▶ Directions
What you return must match the entries exactly, except that the pictures are gone.
Start of Study material
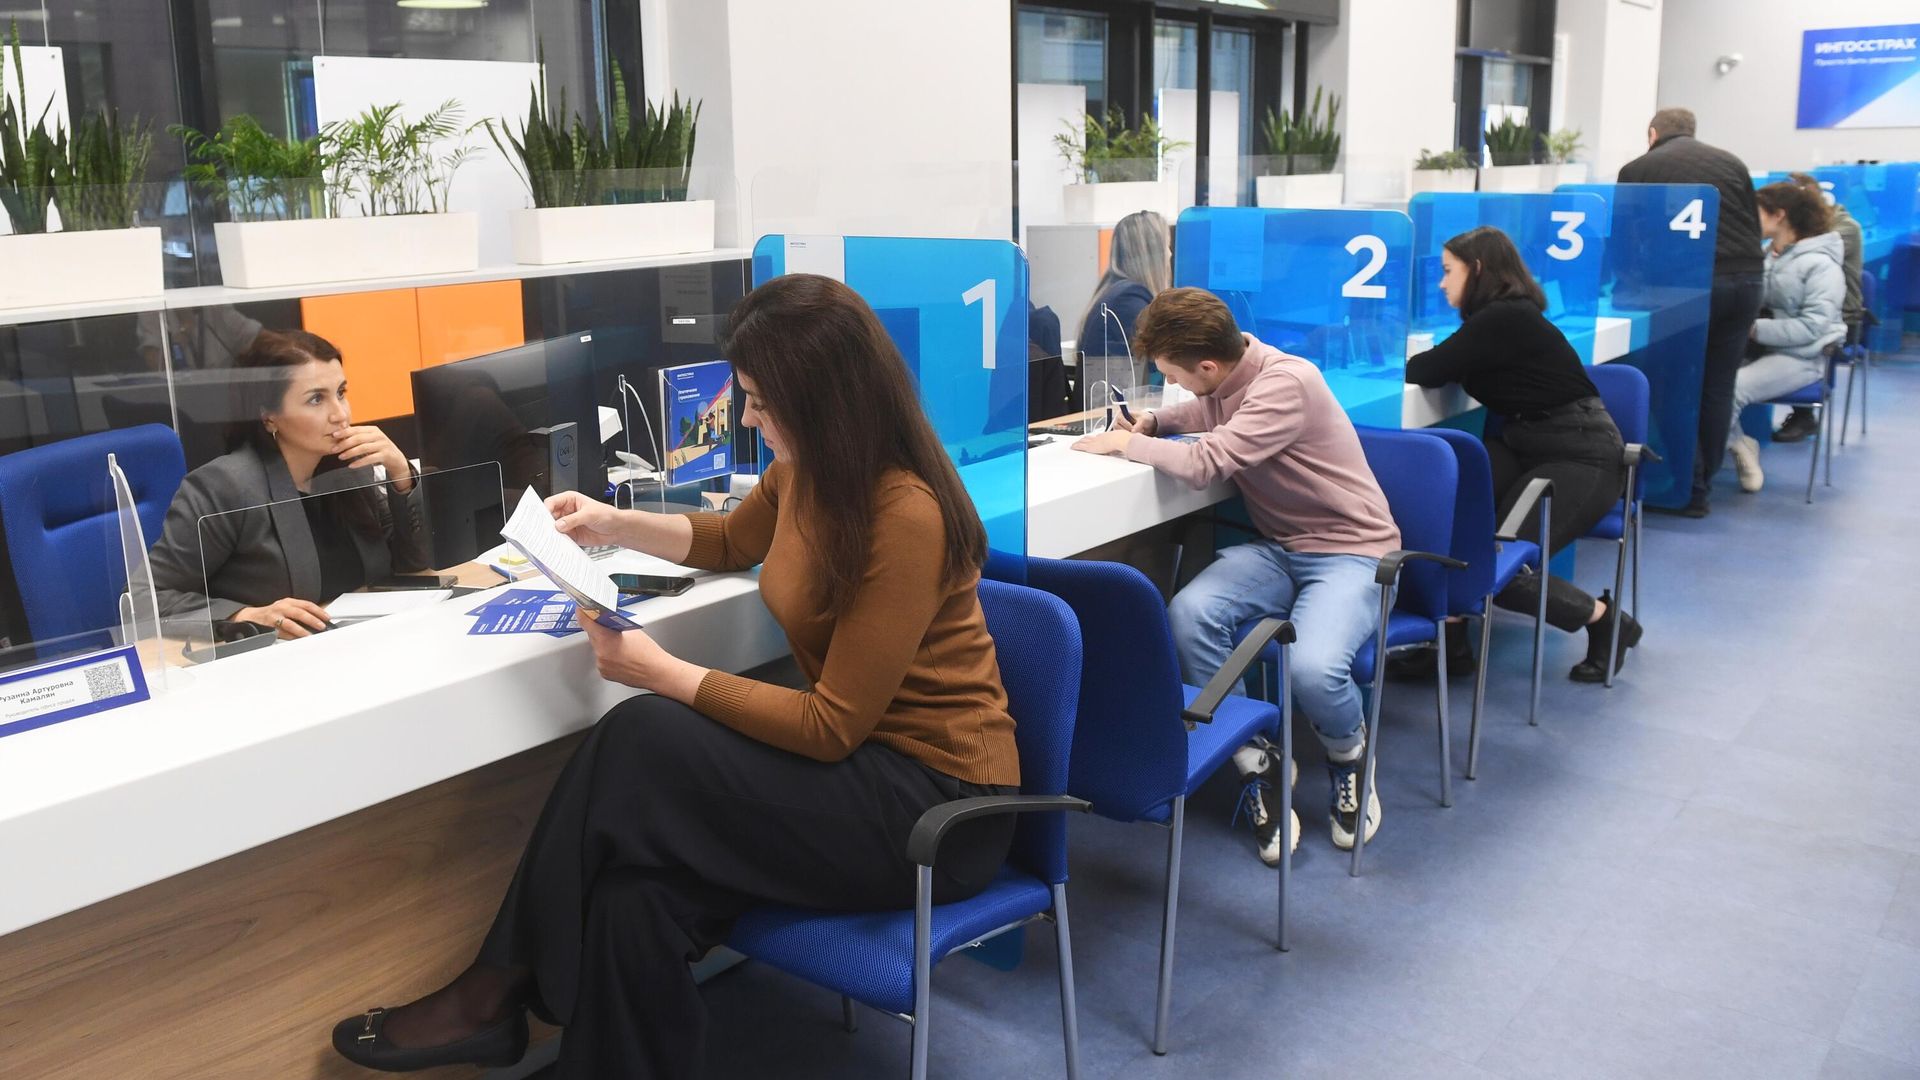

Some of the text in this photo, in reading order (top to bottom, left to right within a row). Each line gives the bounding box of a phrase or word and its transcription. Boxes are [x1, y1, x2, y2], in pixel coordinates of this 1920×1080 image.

[1815, 38, 1916, 54] ИНГОССТРАХ
[1546, 211, 1586, 261] 3
[1669, 199, 1707, 239] 4
[1341, 234, 1387, 299] 2
[962, 279, 996, 370] 1
[20, 692, 55, 704] Камалян
[32, 680, 74, 694] Артуровна
End of Study material
▶ Task answer
Some of the text in this photo, in reading order (top to bottom, left to right within a row). Each line gives the bounding box of a phrase or word and its transcription. Boxes are [x1, y1, x2, y2], in pixel coordinates of this 1920×1080 image.

[1815, 38, 1916, 54] ИНГОССТРАХ
[1546, 211, 1586, 261] 3
[1669, 199, 1707, 239] 4
[1341, 234, 1387, 299] 2
[962, 279, 996, 370] 1
[20, 692, 55, 704] Камалян
[32, 680, 74, 694] Артуровна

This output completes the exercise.